Published in final edited form as:
PMCID: PMC3069498




To evaluate patterns of antipsychotic use.

Design, setting, and measurements

We used nationally representative data from the IMS Health National Disease and Therapeutic Index to describe outpatient antipsychotic use. The primary outcome was the volume of visits where antipsychotics were used for specific indications (treatment visits). We also quantified use without U.S. Food and Drug Administration approval (off-label use) and off-label use with compendium data suggesting an uncertain evidence base.


Antipsychotic use increased from 6.2 million (M) treatment visits (95% CI, 5.4-7.0) in 1995 to 16.7M visits (15.5-18.2) in 2006, then declined to 14.3M visits (13.0-15.6) by 2008. A shift occurred from typical agents in 1995 (84% of all antipsychotic visits) to atypical agents by 2008 (93%). As they declined, typical medications shifted towards use in schizophrenia (30% in 1995 to 48% 2008). In contrast, use of atypical agents expanded for bipolar affective disorder (10% to 34%), remained stable for depression (12% to 14%), and declined for schizophrenia (56% to 23%). Overall, antipsychotic use for indications without FDA approval increased from 4.4M visits in 1995 to 9.0M in 2008. The estimated cost associated with off-label use in 2008 was US$6.0 billion.


Atypical use has grown far beyond substitution for the now infrequently used typical agents. Antipsychotics are increasingly used for conditions where FDA approval and associated clinical evidence is less certain. Despite the value of innovation, the benefits of widening atypical antipsychotic use should be weighed against their cost, regulatory status, and incomplete nature of available evidence.


With their availability a half-century ago, antipsychotic medications revolutionized the treatment of psychiatric disease. Over the last two-decades, first generation or “typical” agents introduced in the late 1950s and 1960s have largely been replaced by a second generation of “atypical” antipsychotics. Recently, considerable attention has focused on atypical antipsychotics due to their increasingly prevalent use and high cost (1), as well as concerns regarding their safety (2), comparative efficacy (3), and off-label use in the absence of strong evidence (4). Atypical antipsychotics accounted for more than $13 billion dollars in U.S. prescription drug costs in 2007, nearly 5% of all U.S. drug expenditures (5). Among them, quetiapine, aripiprazole, olanzapine, and risperidone, each had annual U.S. sales exceeding $1 billion (6,7).

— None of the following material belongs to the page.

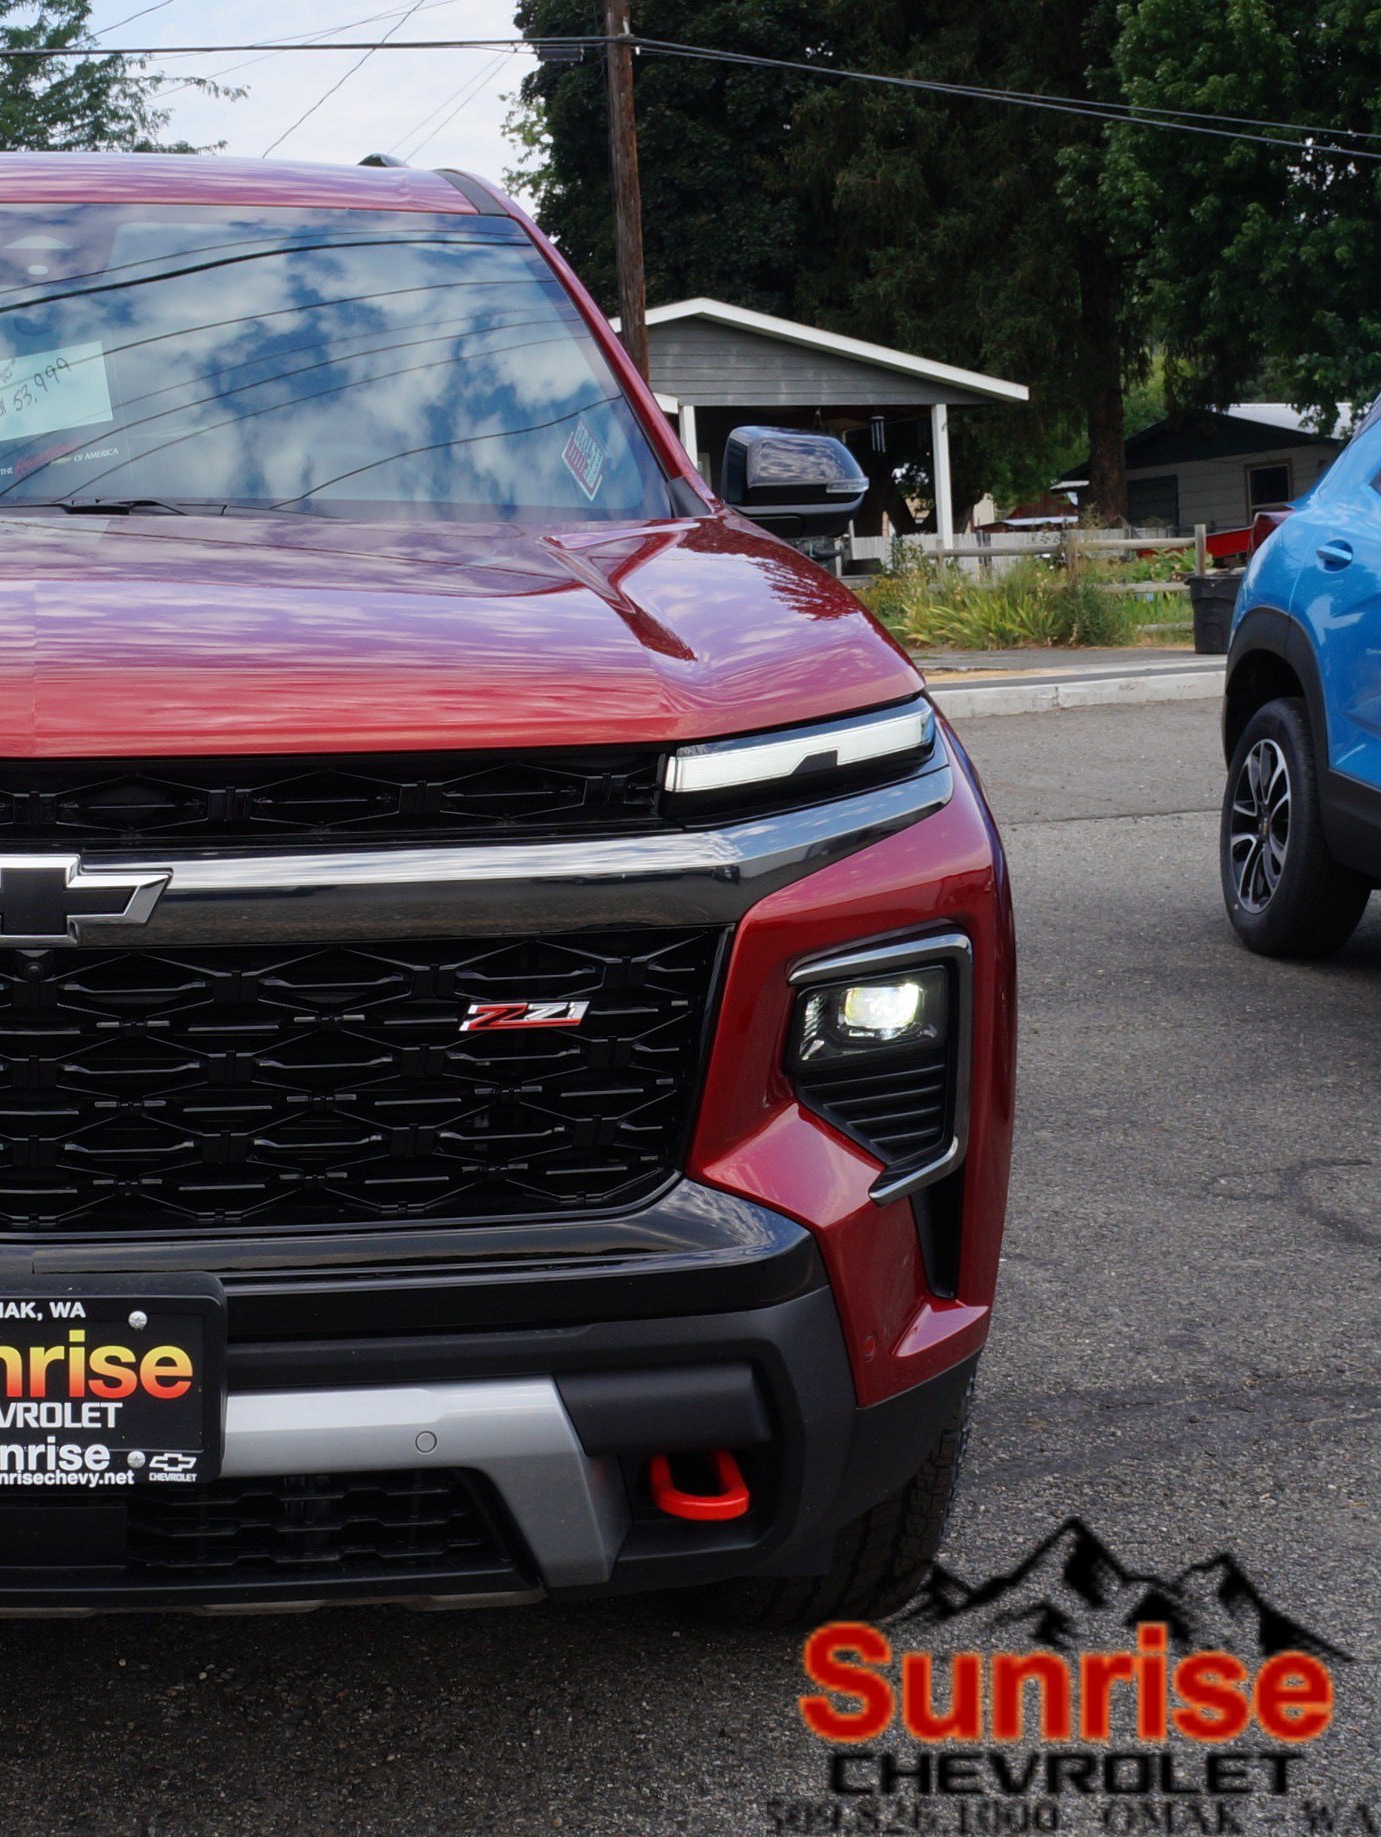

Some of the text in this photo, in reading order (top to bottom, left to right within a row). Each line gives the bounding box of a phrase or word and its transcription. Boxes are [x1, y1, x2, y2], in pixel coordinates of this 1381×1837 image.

The shift towards atypical use has been partly driven by their lower risk of extrapyramidal (motor) adverse effects compared to typicals. As long-term experience has accrued, however, serious and distinct adverse effects of atypicals have emerged. Atypical antipsychotics cause weight gain and lead to a higher risk of diabetes and other metabolic sequelae than their typical counterparts (8). Compared to nonusers, there is an increased risk of mortality and cardiovascular events in elderly patients with dementia on atypicals (9). In addition, current comparative evidence suggests no definitive differences in efficacy or net adverse effect profiles between these two drug classes (10). Although approved initially for schizophrenia, antipsychotic medications also are used for numerous other conditions, including other psychoses, bipolar disorder, delirium, depression, personality disorders, dementia, and autism (11,12). While some atypical drugs have received FDA approval for limited aspects of these conditions, the evidence base for many off-label uses remains less certain than for those drugs with regulatory approval.

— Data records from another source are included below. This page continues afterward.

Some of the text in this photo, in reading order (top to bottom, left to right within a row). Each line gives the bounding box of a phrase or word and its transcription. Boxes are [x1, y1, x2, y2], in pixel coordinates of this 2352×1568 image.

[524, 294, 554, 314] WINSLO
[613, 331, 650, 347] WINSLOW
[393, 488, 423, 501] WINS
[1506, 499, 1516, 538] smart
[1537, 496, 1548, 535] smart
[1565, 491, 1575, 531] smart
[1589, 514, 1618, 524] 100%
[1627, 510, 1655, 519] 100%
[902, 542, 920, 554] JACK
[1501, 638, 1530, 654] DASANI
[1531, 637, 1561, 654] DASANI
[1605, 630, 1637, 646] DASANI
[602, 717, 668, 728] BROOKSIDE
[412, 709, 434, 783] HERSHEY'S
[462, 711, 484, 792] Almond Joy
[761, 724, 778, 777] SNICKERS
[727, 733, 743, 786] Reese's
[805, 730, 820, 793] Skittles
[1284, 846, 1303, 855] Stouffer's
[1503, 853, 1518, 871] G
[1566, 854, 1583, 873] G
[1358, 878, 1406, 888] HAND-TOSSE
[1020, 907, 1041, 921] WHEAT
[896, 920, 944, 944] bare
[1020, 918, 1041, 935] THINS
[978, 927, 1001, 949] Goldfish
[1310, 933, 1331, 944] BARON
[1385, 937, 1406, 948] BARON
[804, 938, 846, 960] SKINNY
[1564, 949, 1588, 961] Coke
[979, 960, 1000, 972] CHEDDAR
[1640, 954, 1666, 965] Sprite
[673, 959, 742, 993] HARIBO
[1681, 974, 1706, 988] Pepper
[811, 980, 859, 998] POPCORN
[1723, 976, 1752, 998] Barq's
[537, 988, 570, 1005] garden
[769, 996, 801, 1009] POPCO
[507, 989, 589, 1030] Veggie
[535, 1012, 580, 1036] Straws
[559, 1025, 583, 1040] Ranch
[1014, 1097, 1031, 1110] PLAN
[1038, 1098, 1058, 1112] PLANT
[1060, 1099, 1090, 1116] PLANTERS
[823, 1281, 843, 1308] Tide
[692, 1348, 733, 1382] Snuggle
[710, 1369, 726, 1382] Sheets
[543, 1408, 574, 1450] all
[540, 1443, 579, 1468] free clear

We examined long-term U.S. trends in physician use and costs of antipsychotics with focus on the clinical divergence of typical and atypical medications over the past fifteen years. Using nationally representative data on office-based visits from 1995 through 2008, we tested the hypothesis that with the shift to atypical agents, costly antipsychotic use is increasingly occurring in clinical situations lacking FDA approval and where evidence is less certain.


Data source

We used physician survey data from the IMS Health National Diagnostic and Therapeutic Index (13) (NDTI). NDTI selects a random sample of office-based, patient-care physicians through stratified sampling by specialty and geographic region. Approximately 4,800 physicians participate each calendar quarter and each physician is randomly assigned two consecutive workdays per quarter for data collection. For each encounter, physicians complete an encounter form that captures a listing of the patients’ diagnoses and, for each diagnosis, a listing of associated medications that are newly prescribed or to be continued at the visit's conclusion. Although the majority of encounters take place in the outpatient office setting, the NDTI also captures phone-based encounters and those taking place in long-term care institutions (approximately 3-5% of encounters) or hospitals (approximately 10%).

Trends in antipsychotic medication use

We queried these data for patient visits where a typical or atypical antipsychotic drug was reported (referred to as a treatment visit). We report national estimates that were extrapolated from the sample data for visits by patients of all ages. For each estimate, 95% confidence intervals (CI) were available via estimates of the relative standard error. Analyses comparing NDTI with the U.S. National Center for Health Statistics’ National Ambulatory Care Medical Survey (NAMCS) suggest consistency in assessing patterns of outpatient care (14,15).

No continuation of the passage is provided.